LINGUIST List 17.1962

Wed Jul 05 2006

Review: Applied Linguistics: Davies (2006)

Editor for this issue: Laura Welcher <lauralinguistlist.org>


Directory         1.    Matthew Carlson, A Frequency Dictionary of Spanish (Applied Linguistics)


Message 1: A Frequency Dictionary of Spanish (Applied Linguistics)
Date: 05-Jul-2006
From: Matthew Carlson <mtc173psu.edu>
Subject: A Frequency Dictionary of Spanish (Applied Linguistics)

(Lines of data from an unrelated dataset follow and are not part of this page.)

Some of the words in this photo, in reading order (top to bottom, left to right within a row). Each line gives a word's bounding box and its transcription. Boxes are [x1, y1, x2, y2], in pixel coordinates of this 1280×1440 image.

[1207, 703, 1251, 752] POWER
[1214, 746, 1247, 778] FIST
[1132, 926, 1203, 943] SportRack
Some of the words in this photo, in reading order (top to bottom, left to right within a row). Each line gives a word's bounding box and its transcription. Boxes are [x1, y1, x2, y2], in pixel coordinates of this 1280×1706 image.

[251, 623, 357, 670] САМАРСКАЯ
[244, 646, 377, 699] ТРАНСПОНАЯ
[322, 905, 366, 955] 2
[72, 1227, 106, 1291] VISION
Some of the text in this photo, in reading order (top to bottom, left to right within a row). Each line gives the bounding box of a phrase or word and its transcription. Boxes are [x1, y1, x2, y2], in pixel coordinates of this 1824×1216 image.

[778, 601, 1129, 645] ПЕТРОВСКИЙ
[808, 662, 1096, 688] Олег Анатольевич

Announced at http://linguistlist.org/issues/17/17-701.html

AUTHOR: Davies, Mark EDITORS: Rayson, Paul; McEnery, Anthony TITLE: A Frequency Dictionary of Spanish SUBTITLE: Core vocabulary for learners SERIES: Routledge Frequency Dictionaries PUBLISHER: Routledge (Taylor and Francis) YEAR: 2006

Matthew T. Carlson, Department of Spanish, Italian, and Portuguese, The Pennsylvania State University

SUMMARY:

This volume contains a listing of the 5000 most frequent words in Spanish, based on a corpus of 20 million words, with the stated purpose of enabling learners of Spanish to maximize their efforts in acquiring Spanish vocabulary. The primary purpose of this dictionary is therefore pedagogical, and its scope and format are designed to provide learners with a variety of ways of using frequency information in their study including generalizations across parts of speech, the relative range of items across the registers represented in the corpus, and thematic groupings of frequent vocabulary.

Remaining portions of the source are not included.